Francis Peck (1692–1743) was an English priest of the Church of England and antiquary, best known for his Desiderata Curiosa (1732–1735).

==Life==
He was born in Stamford, Lincolnshire, England, the son of Robert, merchant, and baptised 4 May 1692. He may have attended Stamford School before attending Charterhouse School, from where he was admitted to St John's College, Cambridge in 1709. Some have confused him with another Francis Peck, who was admitted to Trinity College, Cambridge in 1706.

He was ordained as priest, 27 May 1716. After a curacy at King's Cliffe, Northamptonshire, he served as Rector of Goadby Marwood, Leicestershire, from 1723 until his death. He became a prebend of Lincoln in 1738.

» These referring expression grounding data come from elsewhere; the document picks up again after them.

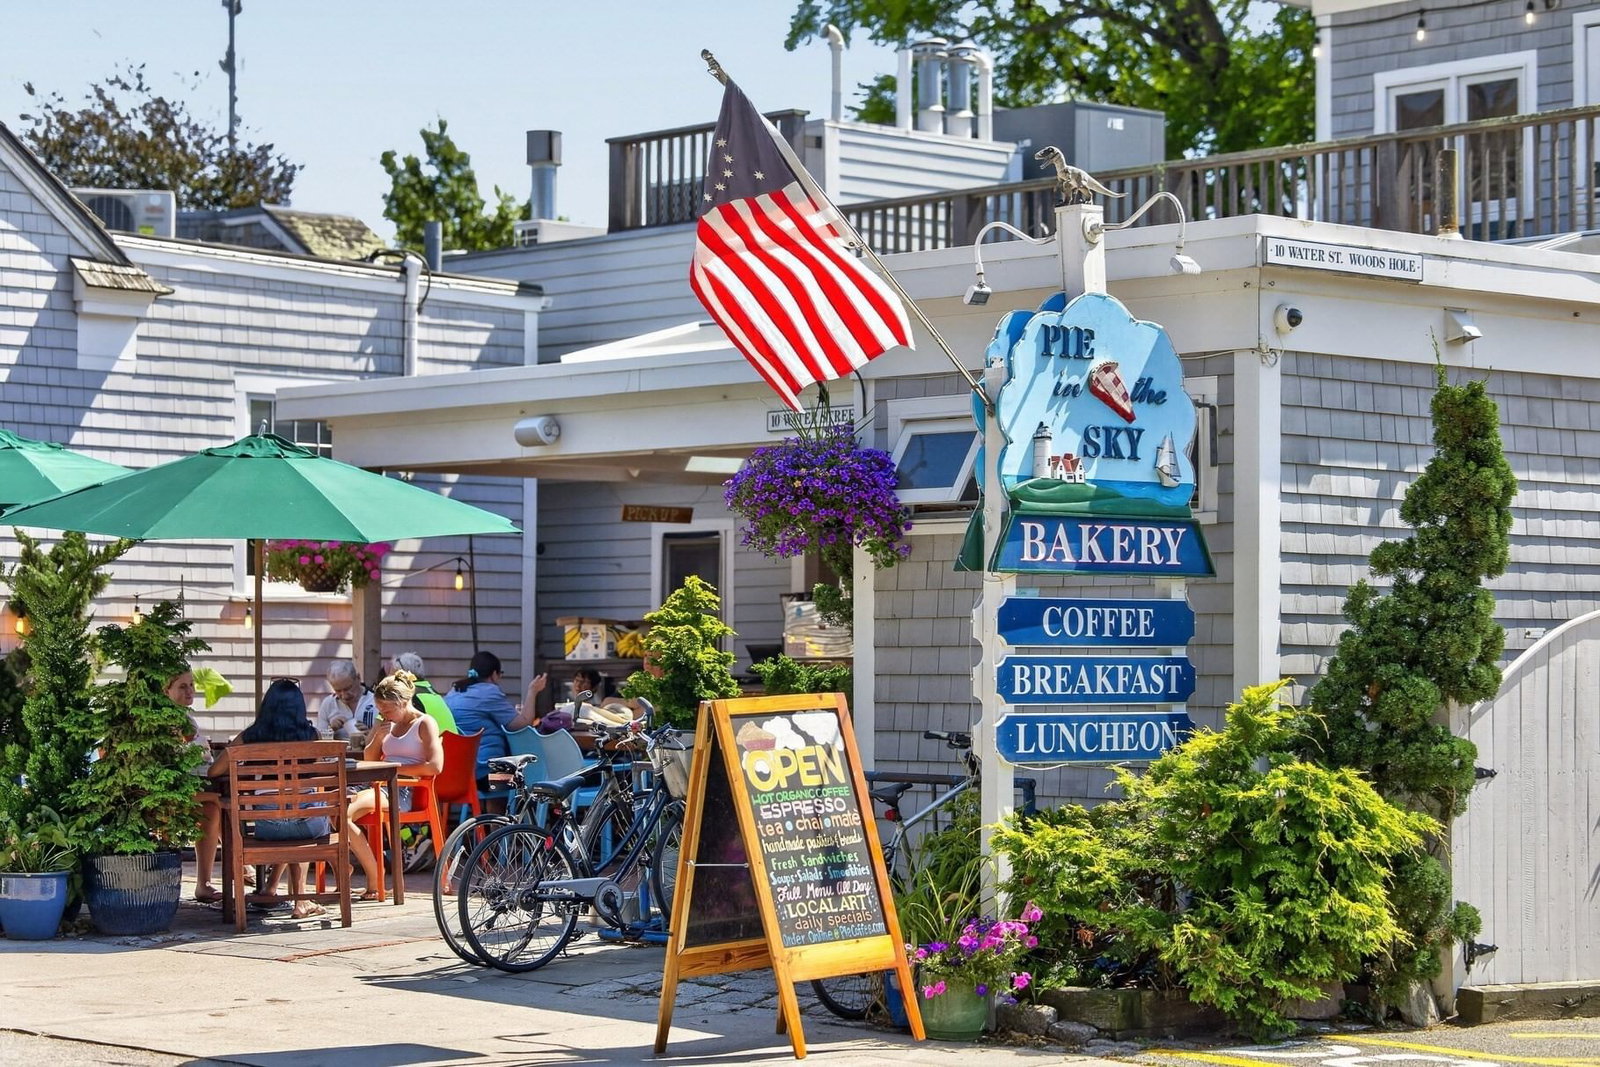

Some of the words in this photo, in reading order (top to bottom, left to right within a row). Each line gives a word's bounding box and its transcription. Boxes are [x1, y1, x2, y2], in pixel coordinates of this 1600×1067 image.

[1275, 245, 1285, 257] 10
[1288, 246, 1325, 262] WATER
[1328, 252, 1344, 264] ST.
[1349, 253, 1386, 269] WOODS
[1389, 257, 1416, 273] HOLE
[1041, 323, 1095, 360] PIE
[1053, 371, 1084, 398] in
[1131, 377, 1168, 405] the
[771, 414, 781, 427] 10
[1082, 424, 1145, 461] SKY
[1020, 522, 1187, 566] BAKERY
[1042, 606, 1156, 638] COFFEE
[1012, 664, 1182, 695] BREAKFAST
[1016, 721, 1179, 754] LUNCHEON
[746, 745, 846, 791] OPEN
[751, 792, 775, 806] HOT
[776, 788, 816, 801] ORGANIC
[816, 786, 851, 798] COFFEE
[760, 797, 847, 819] ESPRESSO
[757, 820, 785, 837] tea
[795, 814, 824, 831] chai
[761, 835, 806, 854] handmade
[771, 855, 798, 871] Fresh
[801, 851, 860, 867] Sandwiches
[828, 864, 870, 879] Smoothies
[777, 886, 802, 903] Full
[852, 880, 872, 896] Day
[786, 897, 839, 919] LOCAL
[840, 894, 867, 912] ART
[795, 915, 823, 933] daily
[827, 911, 873, 927] specials
[782, 933, 806, 947] Order
[807, 929, 834, 943] Online

He wrote several books on history. In 1727 he published a history of Stamford called Academia Tertia Anglicana (Latin for 'the third English university' - a reference to the short-lived 14th-century institution in the town). He was elected to the Society of Antiquarians in 1732 and corresponded with many of the leading antiquaries and historians of the age; including Thomas Hearne, Browne Willis, Roger and Samuel Gale, and William Stukeley.

==Desiderata Curiosa==

His major publication is the Desiderata Curiosa, a two-volume miscellany (published 1732–1735). There is an engraved frontispiece portrait of Peck (by R. Collins, from life) in volume I, and nine other plates, as well as integral engravings in the text; Stukeley presented the plate of the memorial of Henry Wykes, vicar of All Saints' Church, Stamford (1479-1508). The work contains a major biography of Sir William Cecil, Lord Burghley, Queen Elizabeth I's Lord High Treasurer and chief advisor for much of her reign.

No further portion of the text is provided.